Strange as it sounds, there’s a somewhat conservative element to Morrison’s thinking. Too, Morrison says he pitted the Doom Patrol against villains such as the surreal Brotherhood of Dada back then precisely to get away from the wearying, politically-correct battles over Thatcher then dominating mundane reality (it was through those comics I first learned of Morrison, when I was looking for escape from the politically-correct campus political battles at Brown University, just as the Berlin Wall was coming down and the world was being transformed). Eventually, he would rise to writing the adventures of DC’s core superhero team, the Justice League in the late 90s: “I hoped to show how the superheroes pointed to something great and inevitable in us all.”
Despite the endless battle scenes, Morrison displays an almost Taoist, moderate desire to find balance and overcome the usual good-vs.-evil, order-vs.-chaos narratives, even in stories about brightly-garbed men beating each other senseless.
His millennial series The Invisibles depicted two rival, mystically-empowered, time-traveling conspiracies sparring across history—one anarchist and one authoritarian. In the end, despite the temptation simply to slay the bad guys, our heroes instead realized that the evil forces they were combating were just a projection of their own worst fears. Armed with that knowledge, everyone ascends to a higher plane of reality (from which the series itself is visible as fiction) in the futuristic year 2012 A.D.

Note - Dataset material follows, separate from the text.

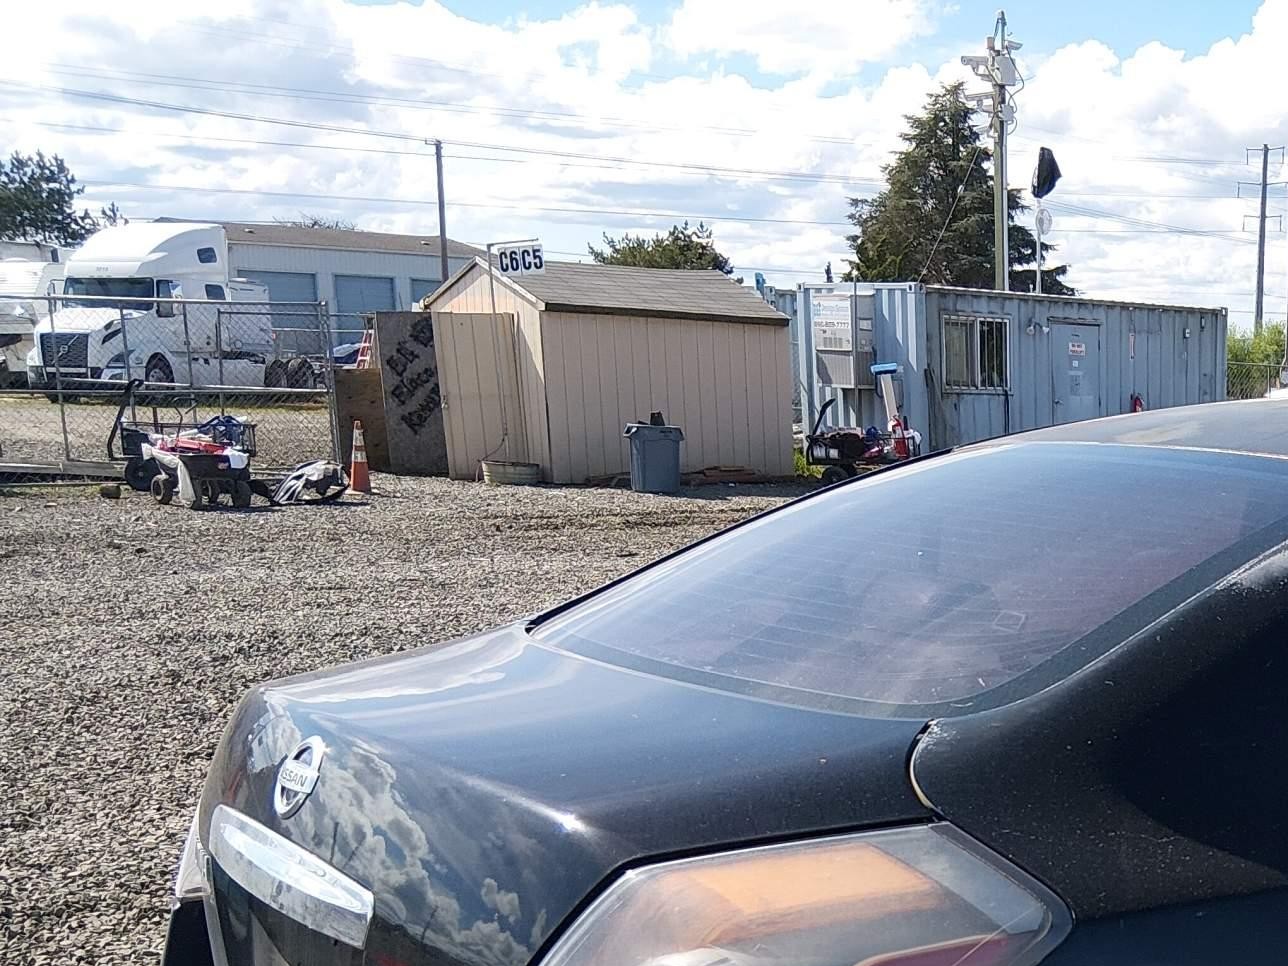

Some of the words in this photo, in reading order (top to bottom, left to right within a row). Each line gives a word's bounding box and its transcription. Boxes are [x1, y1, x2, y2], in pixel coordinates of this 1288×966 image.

If superhero comics were escapism in Morrison’s youth, or if he sounds like he hasn’t quite come back down to Earth, it is worth remembering the dead-serious things from which he needed to escape: the nuclear weapons stationed near his childhood home, long periods of unemployment, a world that failed to share his conviction that superheroes are the modern analogues of the pagan gods—and as such primal, Jungian archetypes reflective of our deeper selves.
In his youth, the looming darkness to be overcome was the threat of nuclear war. In more recent comics by him and many other writers, the unspoken question is whether optimism still trumps post-9/11 paranoia and the gritty realism of comics that attempt to capture that paranoia, including Warren Ellis’s The Authority, about militaristic superheroes willing to topple governments and invade foreign nations in their pursuit of justice and order.
If we keep telling ourselves dark fables, argues Morrison, we will become dark and pessimistic ourselves. The world literally needs colorful, upbeat heroes lest the dark ones, in vogue since Alan Moore set the tone in the 80s, become self-fulfilling prophecies.